The Wheeling State Government
Trying to Raise the Wind : Pierpont's Unblushing Impudence.
October 14, 1861
We copy the following from the Winchester Virginian, of the 8th instant:
By the following documents which have come to our hands, it will appear that the obscure person who is playing Governor at Wheeling, as a boy plays captain on a school play-ground, and the men who call themselves Auditor, &c., President of Convention, &c., are wanting a little more money : that which they stole from the Bank at Weston, and the few thousands which Abraham sent them, having been used up. The circulars below were sent to the Sheriff of Morgan county. The first advises him to take on the Wheeling label, as follows:
Commonwealth of Virginia, Executive Department, Wheeling, June 29th, 1861.
To the Sheriff of Morgan County:
Sir
--I have the honor to annex a copy of the oath of affirmation, which, by an Ordinance of the Convention assembled at Wheeling, on the 11th of June, 1861, is required to be taken by all officers now in the service of the State, or of any county, city, or town thereof, hereafter to be elected or appointed for such service. You will please return to this Department, within three days after you receive this communication, a certificate of some proper officer that you have duly taken the said oath or affirmation. I have the honor to be,
Your obedient servant,
F. H. Pierpont, Governor.
By the Governor:
L. A. Hagaus, Sec'y Com'th.
State of Virginia,--County, as:
Before the subscriber, a Justice of the Peace for the county aforesaid, this day, in my said county, came----, and took and subscribed the following--:
I, ----, solemnly : that I will support the Constitution of the United States, and the laws made in pursuance thereof, as the supreme law of the land, anything in the Constitution and laws of the State of Virginia, or in the Ordinances of the Convention which assembled at Richmond on the 13th day of February, 1861, to the contrary notwithstanding: And that I will uphold and defend the Government of Virginia as vindicated and restored by the Convention which assembled at Wheeling on the 11th day of June, 1861.
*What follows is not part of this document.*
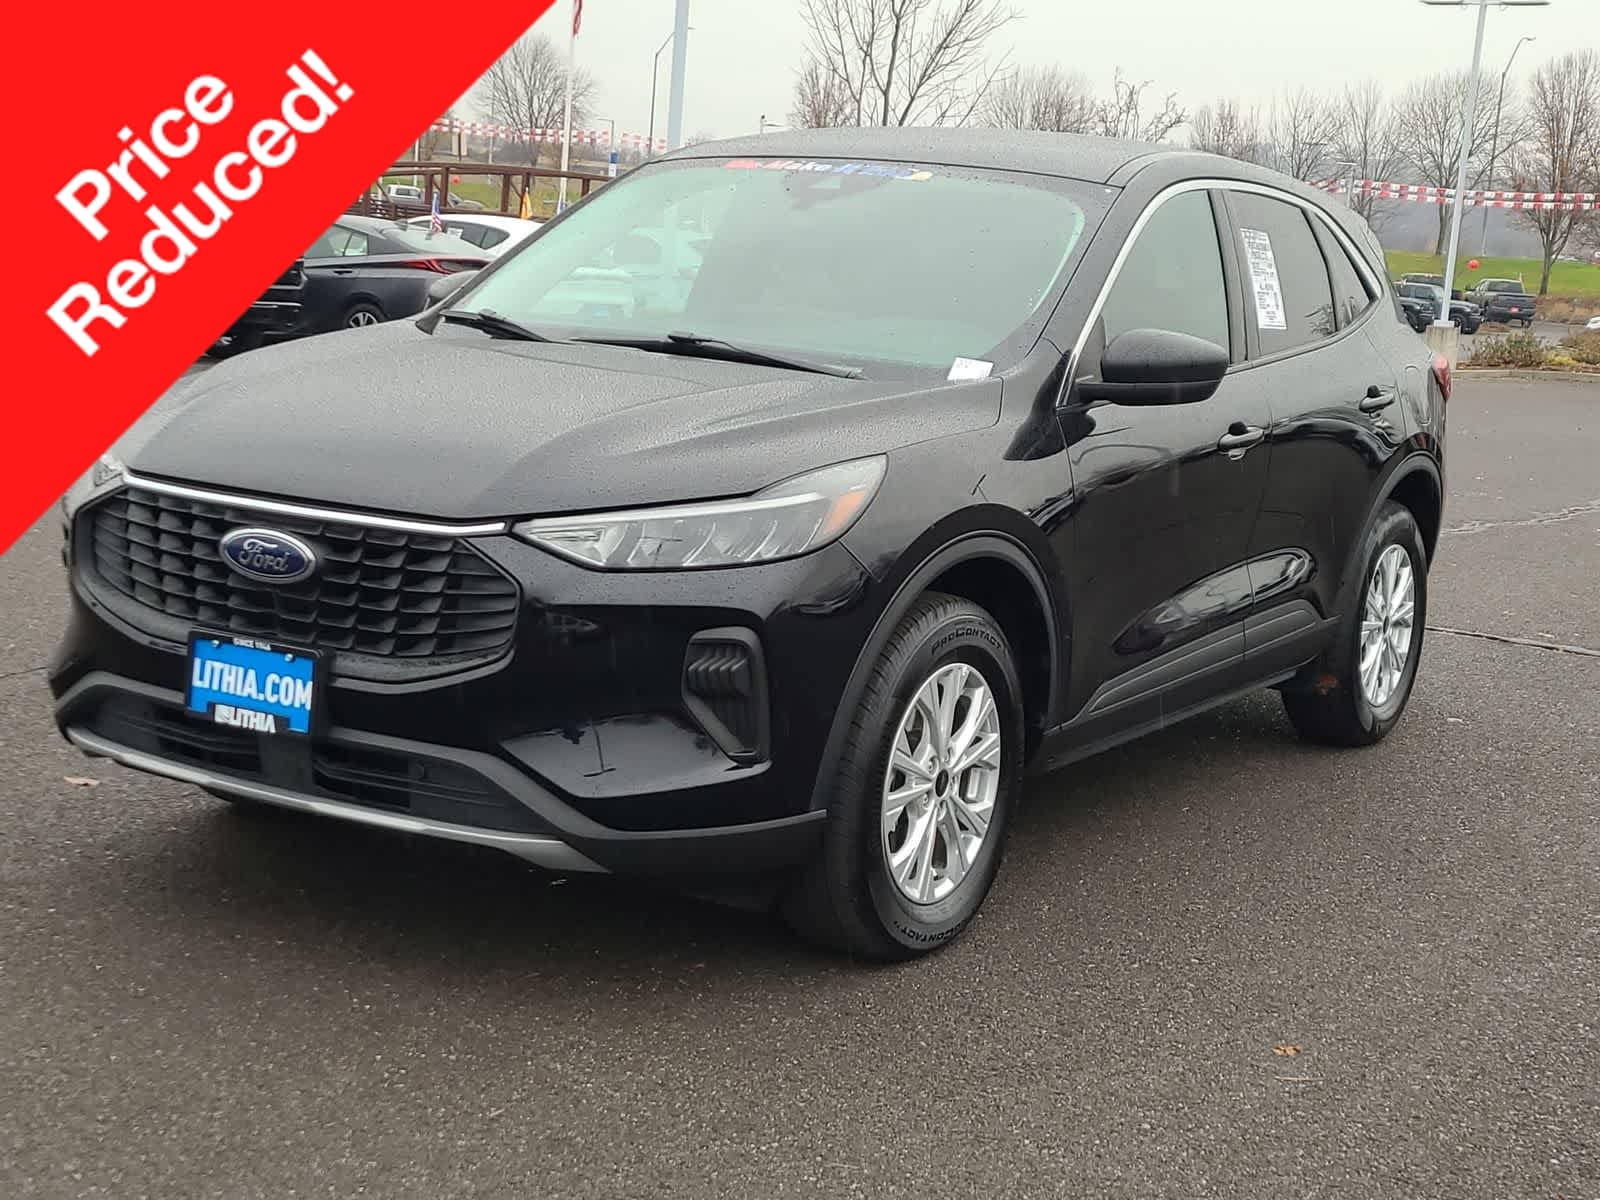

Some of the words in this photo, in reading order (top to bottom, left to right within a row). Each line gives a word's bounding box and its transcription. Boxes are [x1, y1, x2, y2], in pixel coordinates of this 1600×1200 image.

[239, 538, 289, 572] Ford
[191, 657, 313, 711] LITHIA.COM
[228, 706, 276, 733] LITHIA
Given under my hand this : day of --, 186--.-- --, J. P.
The second circular bids him bring in his "balance." It reads thus:
The Commonwealth of Virginia, Auditor's Office, Wheeling, June 29th, 1861.
To the Sheriff of Morgan County, Va.:
Sir
--I beg leave to direct your particular attention to the fifth section of the "ordinance relating to the receipts and disbursements of the public revenue, and providing for the appointment of an Auditor, Treasurer, and Secretary of the Commonwealth."
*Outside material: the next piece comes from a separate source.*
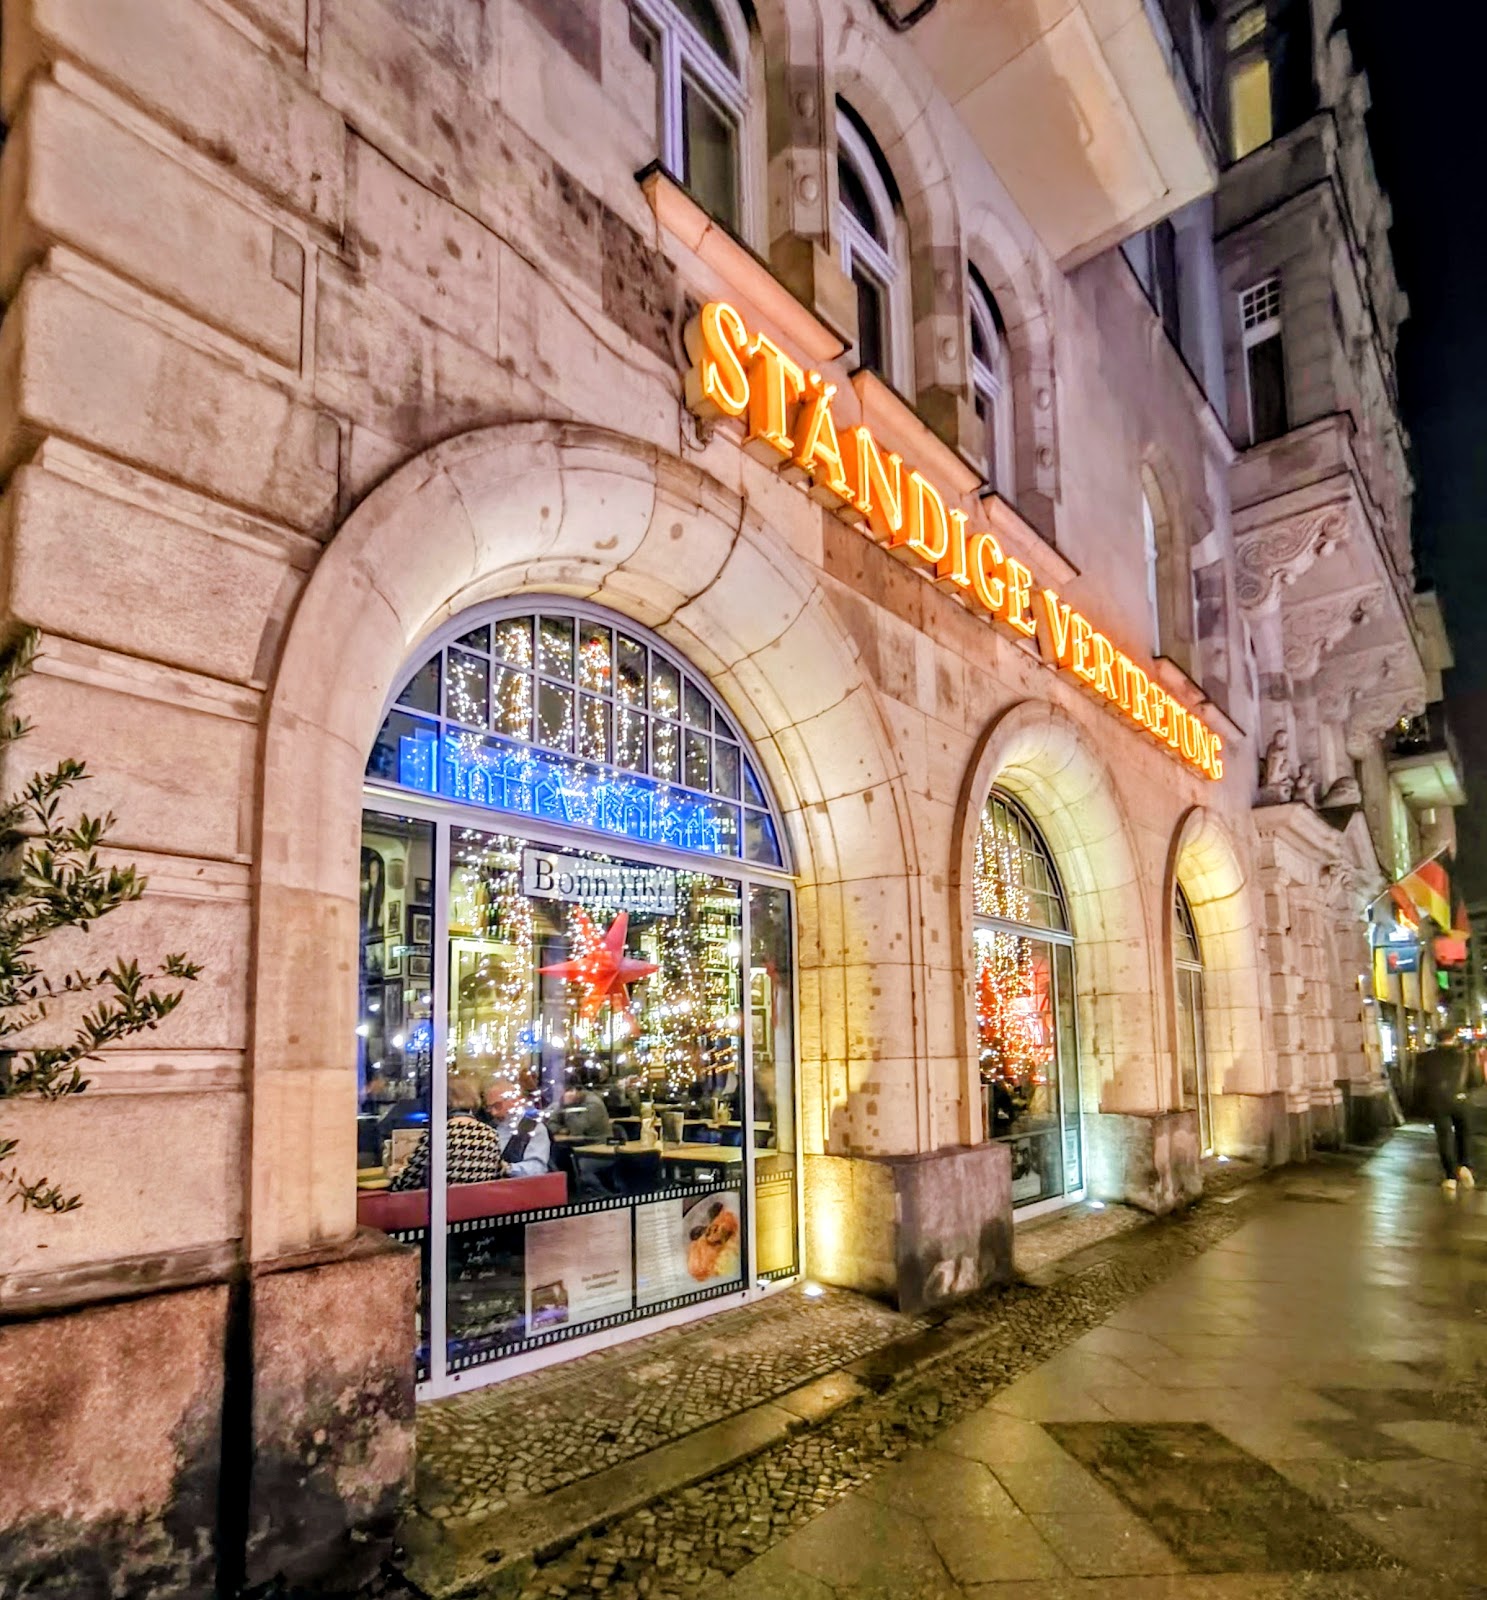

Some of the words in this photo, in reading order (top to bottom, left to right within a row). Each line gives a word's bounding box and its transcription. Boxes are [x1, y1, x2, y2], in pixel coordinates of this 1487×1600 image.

[699, 301, 1038, 637] STÄNDIGE
[1041, 587, 1224, 781] VERTRETUNG
[534, 857, 608, 897] Bonn
The Governor, pursuant to law, having appointed the undersigned as Auditor and Samuel P. Hildreth, Esq., as Treasurer, to fill temporarily the vacancies heretofore existing in those offices, we are now prepared to adjust your accounts and receive the balance due the State.
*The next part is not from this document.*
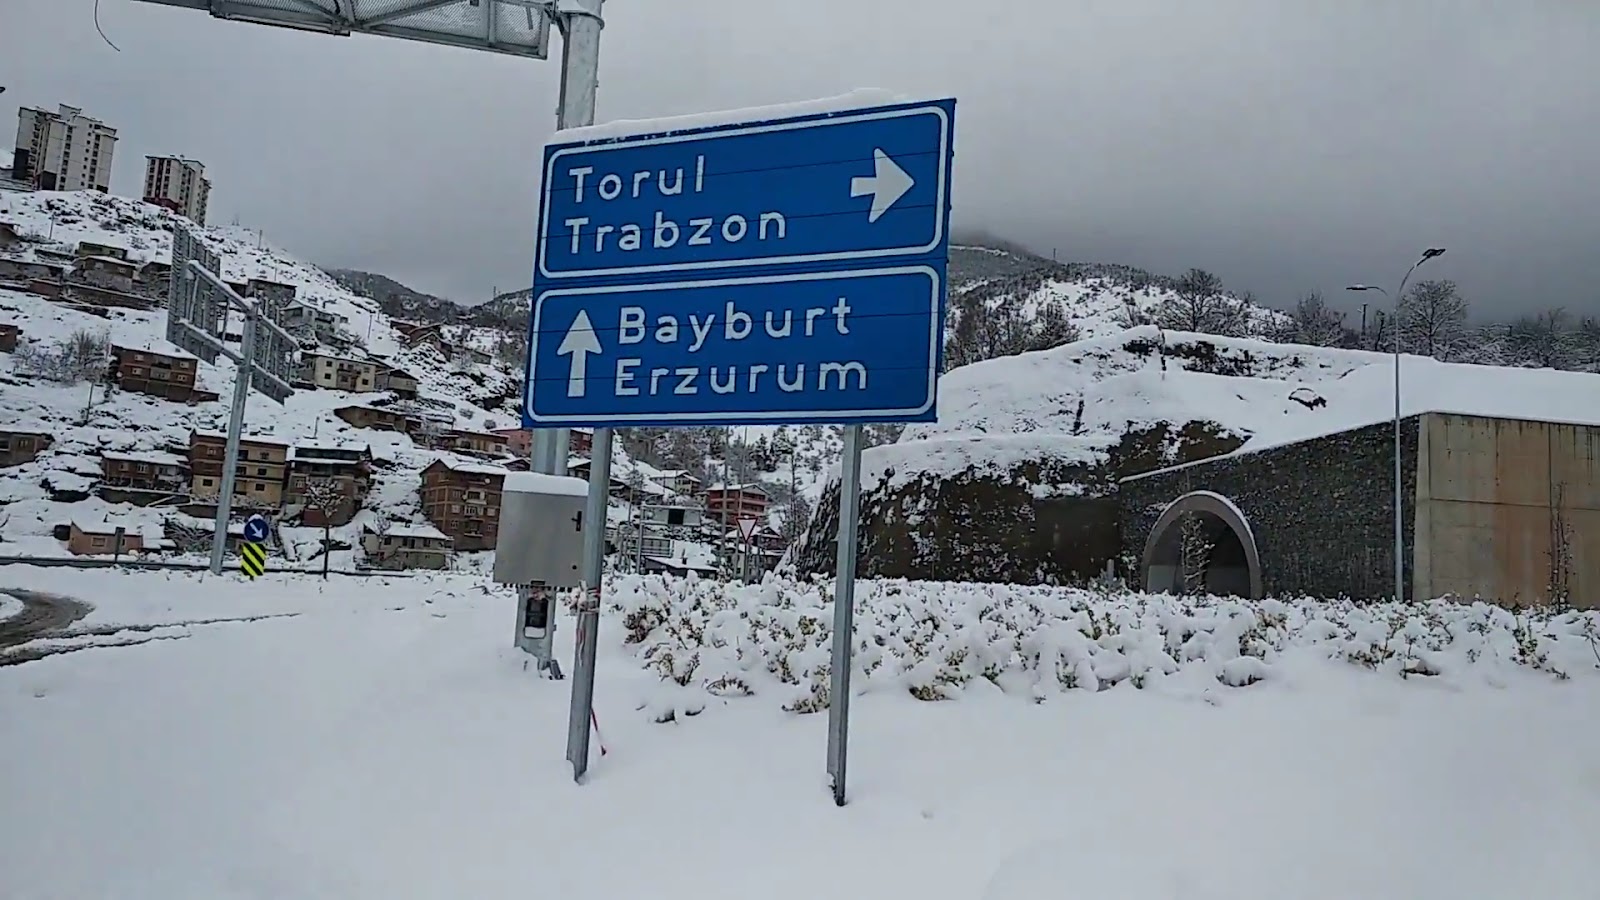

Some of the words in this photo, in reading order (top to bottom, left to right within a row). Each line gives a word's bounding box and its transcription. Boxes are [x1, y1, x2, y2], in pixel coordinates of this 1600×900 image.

[568, 155, 705, 203] Torul
[564, 210, 787, 254] Trabzon
[618, 297, 852, 352] Bayburt
[615, 358, 868, 397] Erzurum
I send you a copy of the Ordinance above named, also a copy of an "Ordinance relative to the collection of the revenue."
Trusting to hear from you at an early date on the matters herein specified, I remain,
Respectfully, yours,
N. Wilkinson, Auditor.
The ordinances above named, were duly sent and stated.
These documents, as we have said, were sent to the Sheriff of Morgan county; but that gentleman rather thinks that he will not comply; Francis H. will have to try somewhere else for his market money.
These documents will serve one good purpose. They will aid in convicting Francis and his fellow tories of the treason which they are enacting, and turn their farce into a tragedy. There is another day coming : even for Wheeling. We do not intend to part with one foot of land or one rill of water, in our entire territory. The only things we intend to part with are Francis and such as he. They will have to run or oscillate.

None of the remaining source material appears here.